Spatial localization data:
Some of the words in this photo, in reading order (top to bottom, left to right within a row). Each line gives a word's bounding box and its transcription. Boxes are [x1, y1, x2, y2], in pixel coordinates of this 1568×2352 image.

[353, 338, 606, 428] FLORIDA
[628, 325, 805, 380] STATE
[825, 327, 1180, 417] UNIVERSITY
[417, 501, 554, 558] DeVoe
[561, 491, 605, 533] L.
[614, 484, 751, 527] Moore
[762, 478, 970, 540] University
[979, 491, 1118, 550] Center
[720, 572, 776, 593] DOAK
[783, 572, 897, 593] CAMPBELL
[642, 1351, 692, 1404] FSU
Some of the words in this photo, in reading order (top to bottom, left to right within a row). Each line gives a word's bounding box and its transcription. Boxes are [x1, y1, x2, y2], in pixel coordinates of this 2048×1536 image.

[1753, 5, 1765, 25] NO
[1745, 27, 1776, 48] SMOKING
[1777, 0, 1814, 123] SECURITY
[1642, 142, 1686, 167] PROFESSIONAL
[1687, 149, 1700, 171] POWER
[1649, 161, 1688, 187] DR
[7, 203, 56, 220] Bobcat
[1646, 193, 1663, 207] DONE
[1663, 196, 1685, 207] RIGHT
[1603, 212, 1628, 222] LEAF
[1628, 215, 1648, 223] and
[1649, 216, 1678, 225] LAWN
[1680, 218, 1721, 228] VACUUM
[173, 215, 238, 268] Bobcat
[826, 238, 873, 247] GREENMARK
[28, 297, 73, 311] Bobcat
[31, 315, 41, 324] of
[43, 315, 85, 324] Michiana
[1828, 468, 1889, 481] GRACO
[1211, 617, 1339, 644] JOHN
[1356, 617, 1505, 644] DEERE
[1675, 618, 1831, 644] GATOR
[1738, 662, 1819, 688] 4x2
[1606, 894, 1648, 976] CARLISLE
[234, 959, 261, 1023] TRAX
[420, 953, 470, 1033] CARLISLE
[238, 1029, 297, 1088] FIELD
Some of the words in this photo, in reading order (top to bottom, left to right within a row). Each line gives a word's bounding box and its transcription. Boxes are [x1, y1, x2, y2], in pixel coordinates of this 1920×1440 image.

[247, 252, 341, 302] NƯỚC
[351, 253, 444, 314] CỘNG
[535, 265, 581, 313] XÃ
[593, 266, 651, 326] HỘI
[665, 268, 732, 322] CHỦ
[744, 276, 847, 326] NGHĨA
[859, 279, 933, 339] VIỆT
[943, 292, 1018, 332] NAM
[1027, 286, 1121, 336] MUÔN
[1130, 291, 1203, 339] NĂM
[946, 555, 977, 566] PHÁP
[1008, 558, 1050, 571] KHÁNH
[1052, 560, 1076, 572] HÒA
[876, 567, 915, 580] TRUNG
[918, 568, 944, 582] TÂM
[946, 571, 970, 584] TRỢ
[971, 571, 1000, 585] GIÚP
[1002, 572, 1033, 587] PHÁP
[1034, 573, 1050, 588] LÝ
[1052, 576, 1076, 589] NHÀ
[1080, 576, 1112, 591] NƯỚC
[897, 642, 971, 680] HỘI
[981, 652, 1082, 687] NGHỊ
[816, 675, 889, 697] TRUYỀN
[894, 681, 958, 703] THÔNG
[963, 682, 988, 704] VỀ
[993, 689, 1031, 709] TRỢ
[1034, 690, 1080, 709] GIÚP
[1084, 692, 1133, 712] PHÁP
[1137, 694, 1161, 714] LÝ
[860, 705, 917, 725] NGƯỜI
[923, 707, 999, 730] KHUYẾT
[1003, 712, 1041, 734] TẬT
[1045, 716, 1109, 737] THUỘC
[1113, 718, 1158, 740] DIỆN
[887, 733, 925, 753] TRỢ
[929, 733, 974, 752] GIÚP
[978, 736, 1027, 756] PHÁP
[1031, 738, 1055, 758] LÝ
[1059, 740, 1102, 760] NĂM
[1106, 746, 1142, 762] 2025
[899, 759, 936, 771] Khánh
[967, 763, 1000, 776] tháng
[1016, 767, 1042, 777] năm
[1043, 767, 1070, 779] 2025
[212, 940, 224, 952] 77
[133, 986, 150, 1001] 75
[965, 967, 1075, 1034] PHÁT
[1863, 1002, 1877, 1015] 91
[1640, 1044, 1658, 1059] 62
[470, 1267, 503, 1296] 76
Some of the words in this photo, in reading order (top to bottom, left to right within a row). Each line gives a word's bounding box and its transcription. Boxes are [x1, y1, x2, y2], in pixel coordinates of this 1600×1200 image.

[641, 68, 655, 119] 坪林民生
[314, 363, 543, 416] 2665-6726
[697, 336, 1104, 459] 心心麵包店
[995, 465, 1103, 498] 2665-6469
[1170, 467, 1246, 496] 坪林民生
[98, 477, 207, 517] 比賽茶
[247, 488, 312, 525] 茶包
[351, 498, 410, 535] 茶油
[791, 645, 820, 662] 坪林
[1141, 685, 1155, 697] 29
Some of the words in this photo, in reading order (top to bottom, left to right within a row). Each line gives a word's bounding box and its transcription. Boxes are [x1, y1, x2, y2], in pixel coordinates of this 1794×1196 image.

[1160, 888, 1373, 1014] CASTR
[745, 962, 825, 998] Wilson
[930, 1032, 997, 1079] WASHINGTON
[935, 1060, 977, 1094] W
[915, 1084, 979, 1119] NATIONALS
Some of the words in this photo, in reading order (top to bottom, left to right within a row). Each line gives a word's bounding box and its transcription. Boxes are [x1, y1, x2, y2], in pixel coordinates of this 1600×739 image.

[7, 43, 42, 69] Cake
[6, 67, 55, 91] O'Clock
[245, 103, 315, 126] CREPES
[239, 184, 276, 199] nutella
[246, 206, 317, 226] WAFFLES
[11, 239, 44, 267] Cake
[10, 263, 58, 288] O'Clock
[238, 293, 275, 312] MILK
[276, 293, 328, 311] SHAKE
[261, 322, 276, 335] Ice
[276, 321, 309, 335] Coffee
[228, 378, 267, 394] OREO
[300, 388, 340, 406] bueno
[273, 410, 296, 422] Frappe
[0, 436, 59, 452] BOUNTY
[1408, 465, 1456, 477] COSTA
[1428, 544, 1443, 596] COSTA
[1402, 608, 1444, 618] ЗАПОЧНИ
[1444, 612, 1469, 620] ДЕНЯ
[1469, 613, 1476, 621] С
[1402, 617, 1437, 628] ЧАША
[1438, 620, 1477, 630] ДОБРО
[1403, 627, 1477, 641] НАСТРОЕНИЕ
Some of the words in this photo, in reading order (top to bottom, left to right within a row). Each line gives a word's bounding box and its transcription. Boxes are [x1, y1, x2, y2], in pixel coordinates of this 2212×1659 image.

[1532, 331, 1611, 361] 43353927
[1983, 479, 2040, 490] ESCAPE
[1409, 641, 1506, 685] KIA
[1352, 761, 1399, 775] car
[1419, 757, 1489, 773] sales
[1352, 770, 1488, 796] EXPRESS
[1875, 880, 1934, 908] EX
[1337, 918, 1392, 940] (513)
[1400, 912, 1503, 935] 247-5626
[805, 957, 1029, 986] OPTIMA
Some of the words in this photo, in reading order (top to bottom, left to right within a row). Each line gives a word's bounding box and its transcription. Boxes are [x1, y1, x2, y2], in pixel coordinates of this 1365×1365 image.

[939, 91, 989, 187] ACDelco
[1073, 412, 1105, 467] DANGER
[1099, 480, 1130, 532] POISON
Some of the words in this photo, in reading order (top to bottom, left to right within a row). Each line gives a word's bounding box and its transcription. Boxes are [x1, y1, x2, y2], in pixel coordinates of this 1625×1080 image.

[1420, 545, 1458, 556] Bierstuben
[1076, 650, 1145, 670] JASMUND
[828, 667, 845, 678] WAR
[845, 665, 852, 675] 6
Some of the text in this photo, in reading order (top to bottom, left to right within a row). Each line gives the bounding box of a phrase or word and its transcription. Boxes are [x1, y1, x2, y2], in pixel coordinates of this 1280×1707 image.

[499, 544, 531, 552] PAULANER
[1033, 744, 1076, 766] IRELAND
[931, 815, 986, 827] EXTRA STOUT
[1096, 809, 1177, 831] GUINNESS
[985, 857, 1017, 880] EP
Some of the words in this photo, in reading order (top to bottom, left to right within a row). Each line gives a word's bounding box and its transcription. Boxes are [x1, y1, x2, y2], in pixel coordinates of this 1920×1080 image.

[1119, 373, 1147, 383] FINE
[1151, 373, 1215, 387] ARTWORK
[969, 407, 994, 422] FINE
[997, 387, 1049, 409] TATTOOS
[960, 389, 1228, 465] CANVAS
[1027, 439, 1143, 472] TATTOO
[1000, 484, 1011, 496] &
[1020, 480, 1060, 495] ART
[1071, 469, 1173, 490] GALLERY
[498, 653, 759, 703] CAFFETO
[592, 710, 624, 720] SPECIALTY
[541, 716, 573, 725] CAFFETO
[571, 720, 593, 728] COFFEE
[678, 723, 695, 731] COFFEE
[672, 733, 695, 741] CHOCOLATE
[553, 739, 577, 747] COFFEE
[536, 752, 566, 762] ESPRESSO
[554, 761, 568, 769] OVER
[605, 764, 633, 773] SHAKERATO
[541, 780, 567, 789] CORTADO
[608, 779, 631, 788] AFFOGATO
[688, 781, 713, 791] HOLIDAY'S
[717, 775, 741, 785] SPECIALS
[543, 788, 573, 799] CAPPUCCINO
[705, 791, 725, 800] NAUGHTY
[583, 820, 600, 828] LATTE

- TASK OBJECTIVE
Write out the line containing "this 1920×1080 image." and every line after it through the end of the entries. Keep each one exactly as it is, and add nothing.

- OUTPUT OF THE EXERCISE
Some of the words in this photo, in reading order (top to bottom, left to right within a row). Each line gives a word's bounding box and its transcription. Boxes are [x1, y1, x2, y2], in pixel coordinates of this 1920×1080 image.

[1119, 373, 1147, 383] FINE
[1151, 373, 1215, 387] ARTWORK
[969, 407, 994, 422] FINE
[997, 387, 1049, 409] TATTOOS
[960, 389, 1228, 465] CANVAS
[1027, 439, 1143, 472] TATTOO
[1000, 484, 1011, 496] &
[1020, 480, 1060, 495] ART
[1071, 469, 1173, 490] GALLERY
[498, 653, 759, 703] CAFFETO
[592, 710, 624, 720] SPECIALTY
[541, 716, 573, 725] CAFFETO
[571, 720, 593, 728] COFFEE
[678, 723, 695, 731] COFFEE
[672, 733, 695, 741] CHOCOLATE
[553, 739, 577, 747] COFFEE
[536, 752, 566, 762] ESPRESSO
[554, 761, 568, 769] OVER
[605, 764, 633, 773] SHAKERATO
[541, 780, 567, 789] CORTADO
[608, 779, 631, 788] AFFOGATO
[688, 781, 713, 791] HOLIDAY'S
[717, 775, 741, 785] SPECIALS
[543, 788, 573, 799] CAPPUCCINO
[705, 791, 725, 800] NAUGHTY
[583, 820, 600, 828] LATTE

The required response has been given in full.